Is your internal audit function delivering value? Or is it just checking the box?
If you lead the internal audit function at a U.S. healthcare provider, there’s a good chance that the vast majority of your time is spent on compliance.
It’s likely not where you want your resources to be focused. But, after years of regulatory change, mergers, system integrations and IT upgrades, ensuring compliance – managing a seemingly-endless stream of check-box exercises – is what keeps the business out of trouble.
New world, new expectations
Risks in healthcare are evolving rapidly due to technological, economic, operational and regulatory changes. At the same time, public expectations and the demand for greater transparency are on the rise. This leads to a myriad of compliance requirements and feeds the incessant “check-the-box” exercise vs. elevating the internal audit function to a more strategic, value-focused contributor within the organization.
All of this is placing significant pressure on healthcare provider internal audit functions. Most are already largely overwhelmed with their existing compliance exercises; few have the resources or capacity to take on more. Fewer still have the capabilities, tools or experience to identify control failures, let alone to analyze the root causes of those failures or be proactive in risk management.
Analytics in action
Healthcare provider internal audit functions need to be taking a much more analytical approach to managing controls. Data and analytics can play a valuable role.

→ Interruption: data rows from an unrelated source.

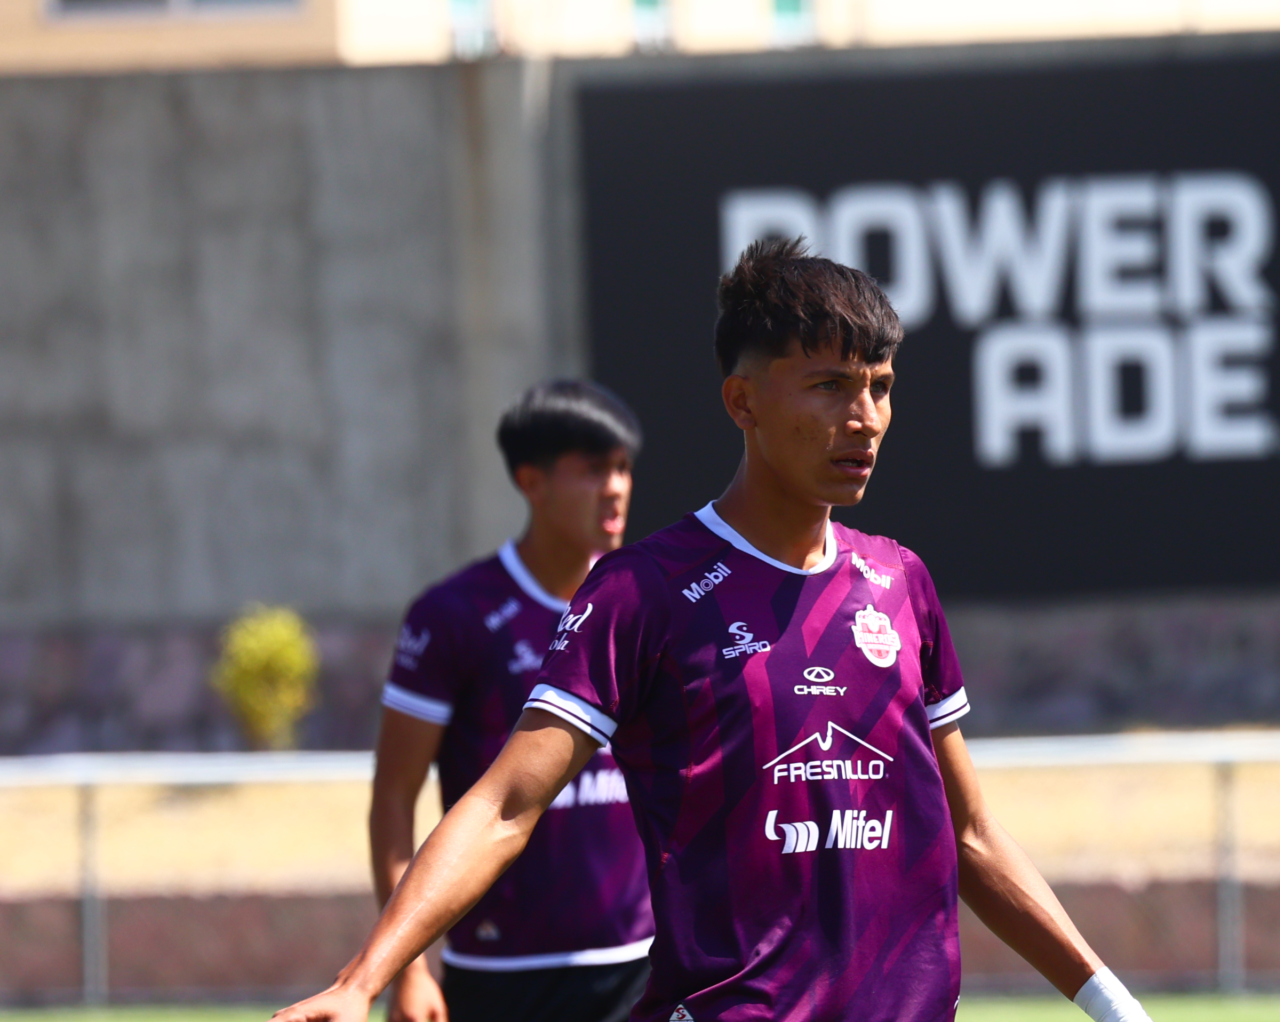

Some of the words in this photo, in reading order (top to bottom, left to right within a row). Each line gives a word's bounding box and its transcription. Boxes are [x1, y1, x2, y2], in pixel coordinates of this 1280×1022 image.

[974, 319, 1275, 467] ADE
[682, 561, 732, 603] Mobil
[851, 551, 892, 590] Mobil
[722, 641, 771, 659] SPIRO
[793, 685, 848, 696] CHIREY
[773, 759, 885, 785] FRESNILLO
[825, 809, 893, 850] Mifel

Recently, we helped assess the accuracy, efficiency and reliability of the control environment for one major provider organization. Upon first review, it seemed that the organization was (for the most part) in compliance with Medicare billing regulations. However, after a deeper dive that included running some of the provider’s transactional data through analytics tools, we discovered that their employees were finding ways to bypass the controls. Items and services were being billed in a non-compliant way. This created significant financial implications for the organization as more and more reimbursement requests were denied.
By applying data and analytics to our approach, we accelerated the identification of instances of non-compliance, determined the root causes of those control failures and provided recommendations to help remediate them.